つまらないとまでは言わないけど期待し過ぎた分,残念感が漂ってしまう。二人のナナの成長物語のはずなのに全然変わってないじゃん,っていうのもあるし。今度漫画喫茶にでも行って原作読破しようかな。

と,文句ばっかり書いちゃったけど,実はけっこう楽しんだんだけどね。これでシリーズ終了じゃなくてとことんやって欲しいような気もするぞ。中途半端ではなくてキャスト総入れ替えとかで。

しかし,やたらと携帯のアップが多いな〜。お金いっぱいもらったのかしら。




暗いところで待ち合わせ

06年日本 129分
[監][脚]天願大介
[出]田中麗奈/チェン・ボーリン/井川遥/宮地真緒/佐野史郎/岸部一徳/佐藤浩市

原作が好きだったので,どうなるかって思ってたけどすっごく良かった。成功の一因は田中麗奈の素晴らしい演技。可愛いっていうのはもちろんだけど(スッピンに近い?)役作りがしっかりしていて盲目の演技も破綻がないのはさすが。それに時折アップになる指先が繊細でとてもきれいなのにドッキリ。チェン・ボーリンも可愛いのね〜。こんな子が部下だったら懇切丁寧に教えちゃうのに。

一人暮らしの盲目の女性の家に殺人犯が忍び込んできた!っていうとサスペンスな物語かと思うだろけど,とっても静かな展開。会話さえほとんどないのだ。原作読んだ時にも思ったんだけど光を失って間がないとはいえ,いくらなんでもすぐそばに人がいたら気配で分かるだろう,っていうツッコミはご法度ね。っていうか観ている内にそんなことは気にならなくなるし。

孤独な二人の奇妙な同居生活がお互いを感じ,信じあっていく過程が丁寧に描かれていて感動的。そうそう感動的といえば土砂降りの雨の日,窓から母親の名前をよぶシーンは田中麗奈の演技,そして演出が素晴らしく胸にジーンと来る。これは名場面だね。

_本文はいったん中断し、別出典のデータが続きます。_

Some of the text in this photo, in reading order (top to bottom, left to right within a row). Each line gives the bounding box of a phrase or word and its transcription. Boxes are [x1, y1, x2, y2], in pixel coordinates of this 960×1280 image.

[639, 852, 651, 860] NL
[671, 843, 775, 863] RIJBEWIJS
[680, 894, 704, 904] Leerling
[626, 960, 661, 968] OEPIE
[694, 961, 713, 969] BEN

静かな中にも意外性のあるストーリー,語り口の巧みさ,役者達の演技。どれもがはまるところにぴたっとはまって一級の映画。なのに単館公開とはもったいない。




鉄コン筋クリート

06年日本 111分
[監]マイケル・アリアス
[原]松本大洋
[声]二宮和也/蒼井優/伊勢谷友介/宮藤官九郎/大森南朋

原作ってもう10年以上前,だっけ? 連載時にはあの独特の絵柄とストーリーについていけなくて途中で読むのをやめてしまったのだ。でも予告編を観たら面白そうだったので観賞。

原作通りの絵がスピーディーに破綻なく動くのに大興奮。日本のアニメ技術って凄いのね〜って感嘆しちゃう。宝町を自在に動き回るカメラは眩暈がするほど素晴らしい。声優陣もぴったりで違和感なし。

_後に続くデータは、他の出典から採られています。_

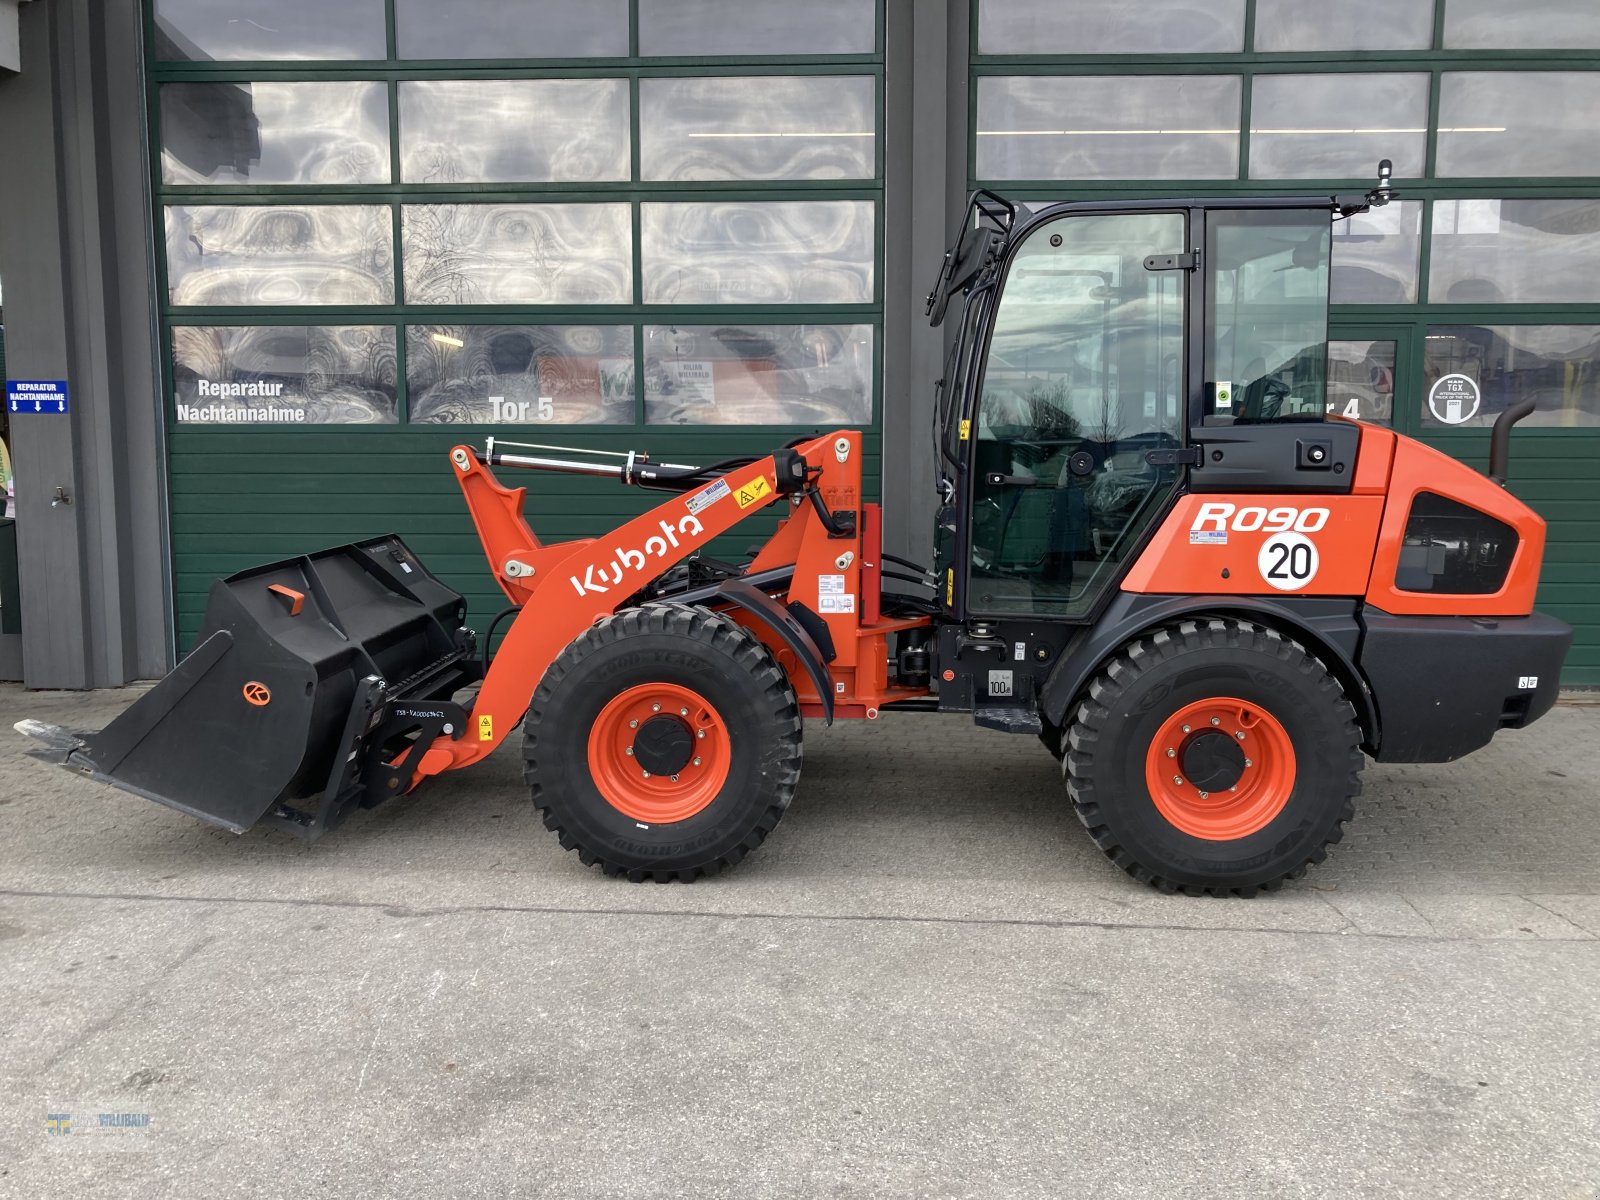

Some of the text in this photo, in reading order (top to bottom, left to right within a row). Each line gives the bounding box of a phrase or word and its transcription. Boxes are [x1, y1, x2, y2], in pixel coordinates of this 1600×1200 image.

[16, 383, 57, 391] REPARATUR
[198, 380, 283, 399] Reparatur
[177, 405, 305, 421] Nachtannahme
[488, 396, 554, 421] Tor 5
[1342, 398, 1360, 420] 4
[569, 514, 705, 597] Kubota
[1267, 542, 1312, 579] 20
[990, 681, 1006, 694] 100

義理と人情とヤクザの町“宝町”で勝手気ままに生きるクロとシロのスーパーやばい少年二人がいる。そこに地上げ屋、不気味な3人組の殺し屋、ヘビと呼ばれる男が現れて町は一気に不穏な空気満載に。そして二人は自分達の町を守るために戦うのだ。といってももちろん正義の戦いではない。

いい人,普通の人が一人も出てこないのね。誰もがぶっ飛び,頭がおかしく,また暴力的。もちろん一番いかれているのはシロとクロだけど。果たして宝町はどうなるのか,シロとクロの運命は!?
ということなんだけど,やっぱりストーリー的には私の好みではなく興奮度もイマイチ。はまる人はトコトン好きって感じだとは思うのだが。